I never returned to the woods after that.
It was in that community
where everyone knew each other by name and although her street had some thirty
houses, even as a child, I felt that I belonged. We called her mother’s friends Miss Tillie,
Miss Mary, Miss Beanie and Miss Madeline, in keeping with my grandmother, my
Nana’s southern Maryland roots.
But
in this tightly knit community, the neighborhood had a block party once a month
rotating throughout the community. My
brother I relished the times when our parents hosted the event. Even though we were eight and ten, I remember
well the anticipation we had early each morning after our family hosted the
parties just waiting to check out the leftovers.
“Wake up. There are some goodies left. C’mon down,” I
would whisper in his ear.
Down we we would
go to the basement. Still left in the
heavy double cement sink, where the block ice melted to water, we would find
Nehi, Grape Soda and Root Beer, and a few bottles of Fresca. My Dad and I went into downtown Baltimore the
evening before to the ice house where this was purchased. He would lie it in the trunk of the car
between two pieces of leather to ensure it wouldn’t melt too much on the long
ride home.
Dad’s family were
originally from England, too, although he was born in New Jersey. Most of his family immigrated to the south
living in Virginia and North Carolina.
Dad
was the social organizer for the community.

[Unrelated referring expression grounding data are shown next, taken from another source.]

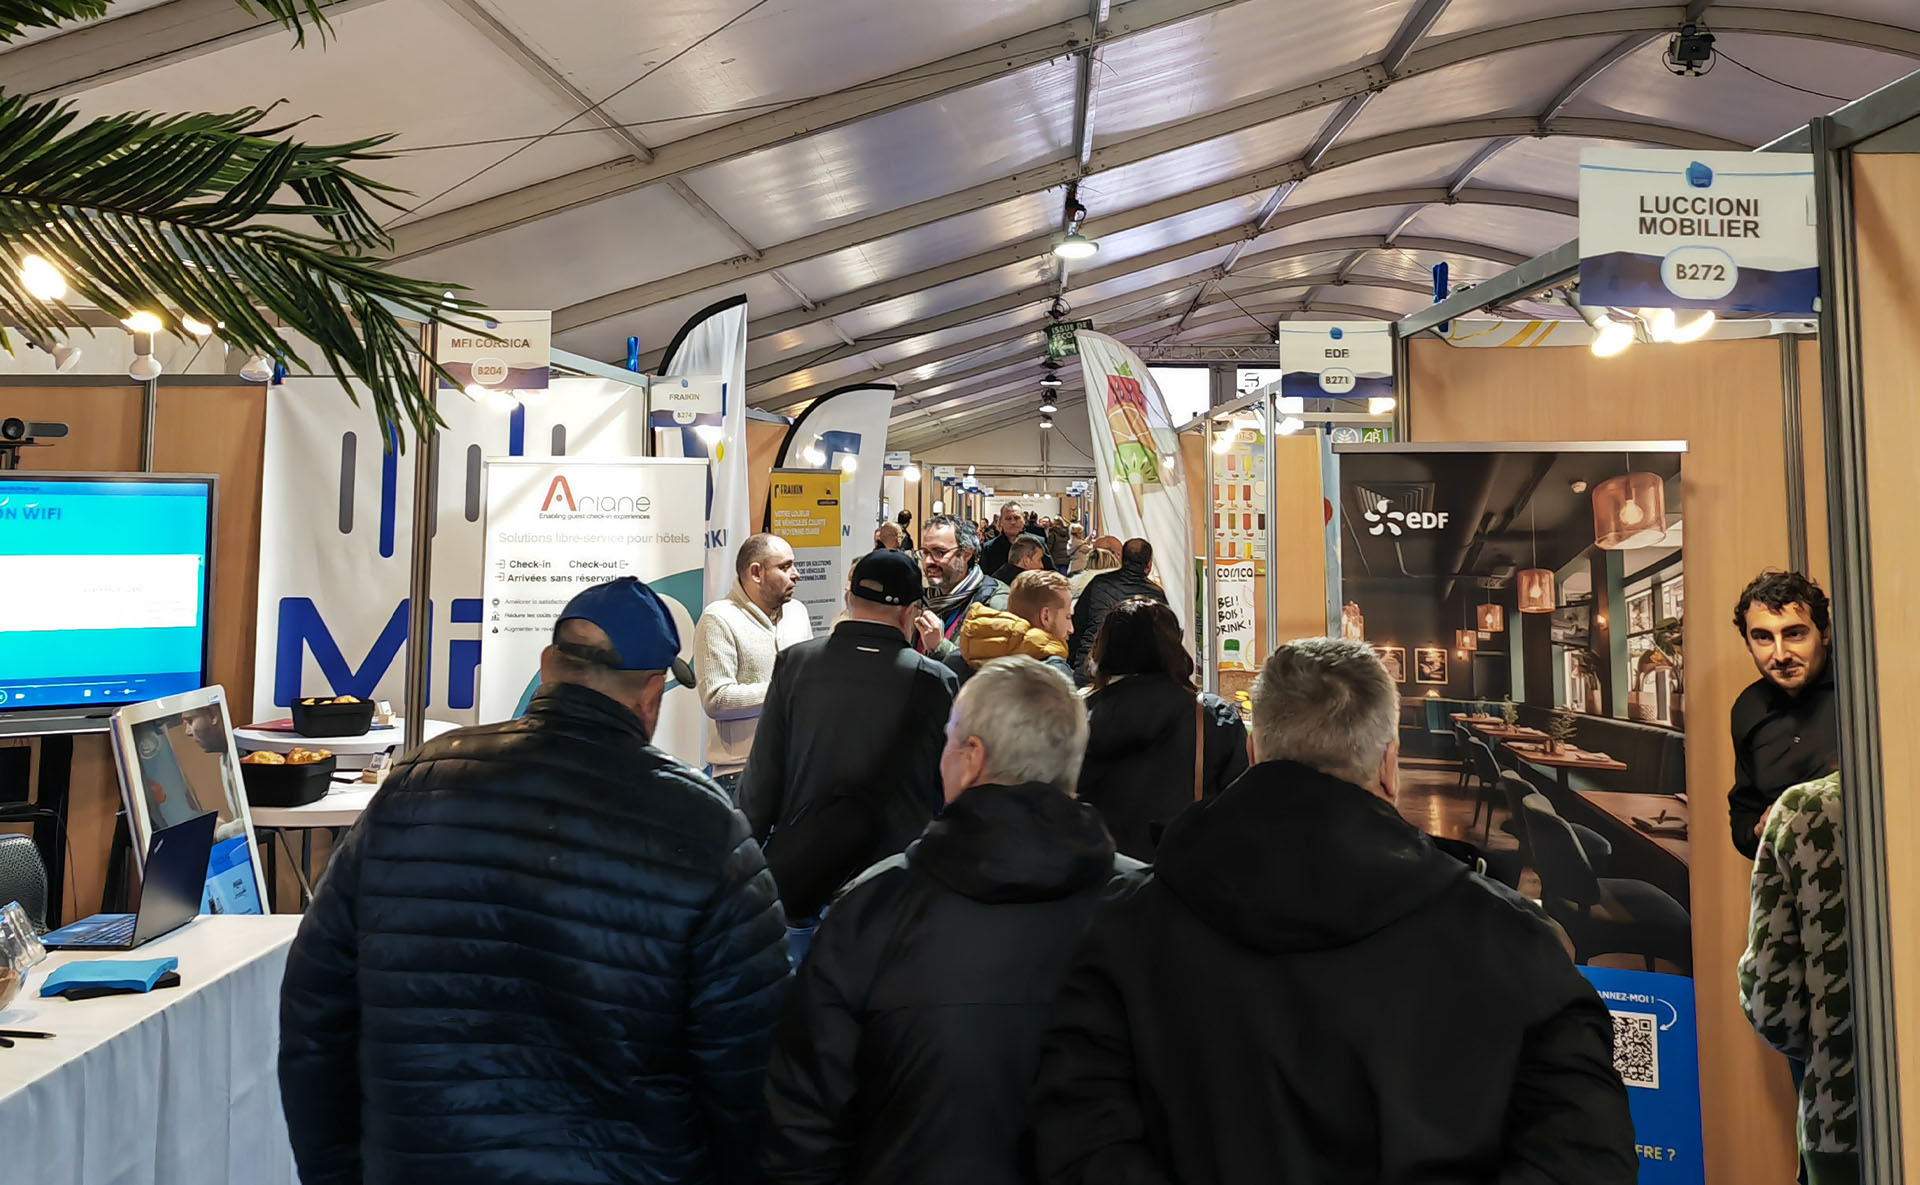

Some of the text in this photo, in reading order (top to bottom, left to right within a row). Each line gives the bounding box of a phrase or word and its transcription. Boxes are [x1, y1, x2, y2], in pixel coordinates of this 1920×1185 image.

[1639, 196, 1759, 217] LUCCIONI
[1639, 217, 1760, 238] MOBILIER
[1676, 263, 1725, 281] B272
[1051, 324, 1075, 333] ISSUE
[1052, 332, 1073, 340] SECO
[451, 338, 530, 348] MFI CORSICA
[1325, 349, 1349, 358] EDF
[478, 366, 502, 375] B204
[1325, 376, 1349, 384] B271
[669, 393, 700, 401] FRAIKIN
[541, 475, 651, 512] Ariane
[22, 507, 62, 520] WIFI
[499, 532, 690, 545] Solutions libre-service pour hôtels
[509, 560, 618, 568] Check-in Check-out
[507, 574, 547, 582] Arrivées
[575, 574, 617, 582] réservati
[1635, 1144, 1662, 1160] FRE

He started the first baseball league in Woodlawn, an honor for which he
was long remembered. But his efforts
were mostly confined to outside the family.
I don’t ever remember a closeness between our parents. A cold war lived in the silence in our house
for as long as I can remember. Both of
them would bury themselves in their individual interests. The tension was ever
present and I always felt as though a storm was about to erupt. It was like a living inside a pressure
cooker.
Dad wasn’t home
much in the evening, but he was home during the day. On occasions in the mornings, he would make
pancakes before school. They were
ordinary pancakes, but because he made them they were special to me. They were delicious.
He
worked for Metropolitan Life Insurance.
In the early mornings when most fathers were preparing themselves for
work he often ,stayed in bed long after my brother and I had left for
school. Many times when we returned from
school, he hadn’t moved. He wasn’t sleeping.